(DATA EXCERPTS)

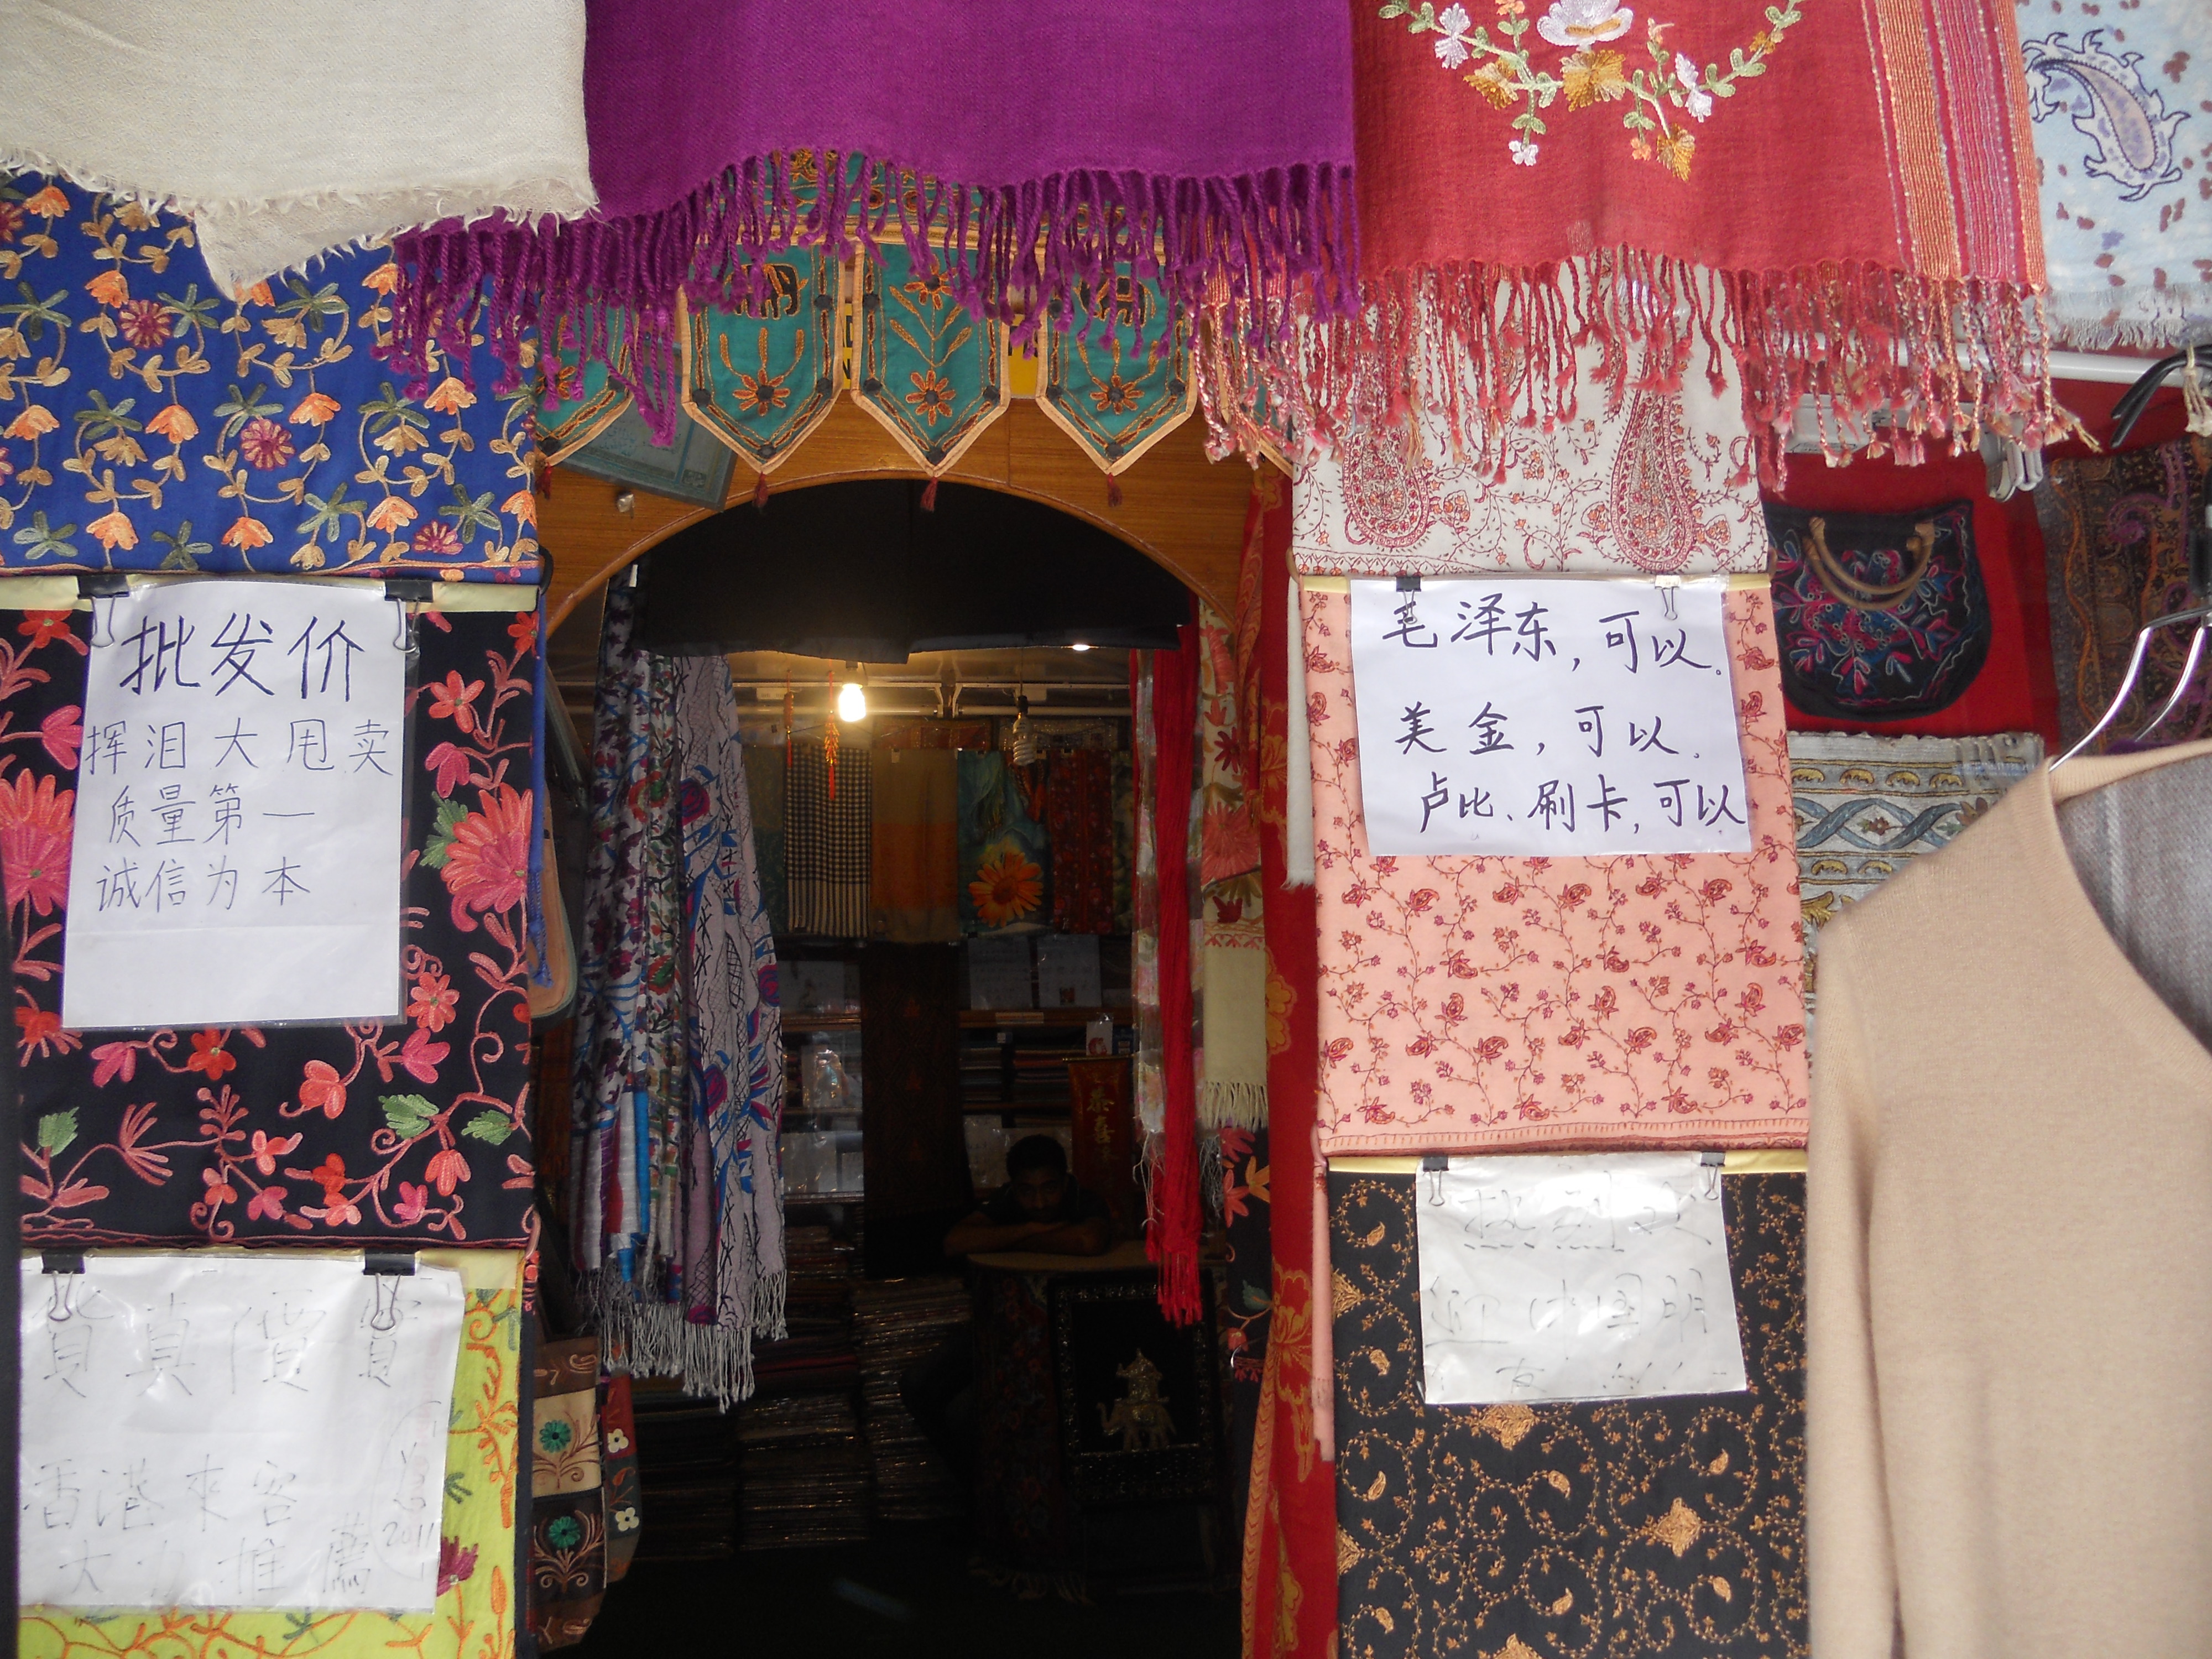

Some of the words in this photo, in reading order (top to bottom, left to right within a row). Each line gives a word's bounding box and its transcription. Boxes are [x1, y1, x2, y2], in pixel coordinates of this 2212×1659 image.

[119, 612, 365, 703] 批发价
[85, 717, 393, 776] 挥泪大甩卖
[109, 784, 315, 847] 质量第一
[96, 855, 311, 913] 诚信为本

(End DATA EXCERPTS)

▸ DESCRIPTION OF THE TASK: Type the listing out again word for word, passing over each picture.

▸ RESULT OF THIS EXERCISE:
Some of the words in this photo, in reading order (top to bottom, left to right within a row). Each line gives a word's bounding box and its transcription. Boxes are [x1, y1, x2, y2], in pixel coordinates of this 2212×1659 image.

[119, 612, 365, 703] 批发价
[85, 717, 393, 776] 挥泪大甩卖
[109, 784, 315, 847] 质量第一
[96, 855, 311, 913] 诚信为本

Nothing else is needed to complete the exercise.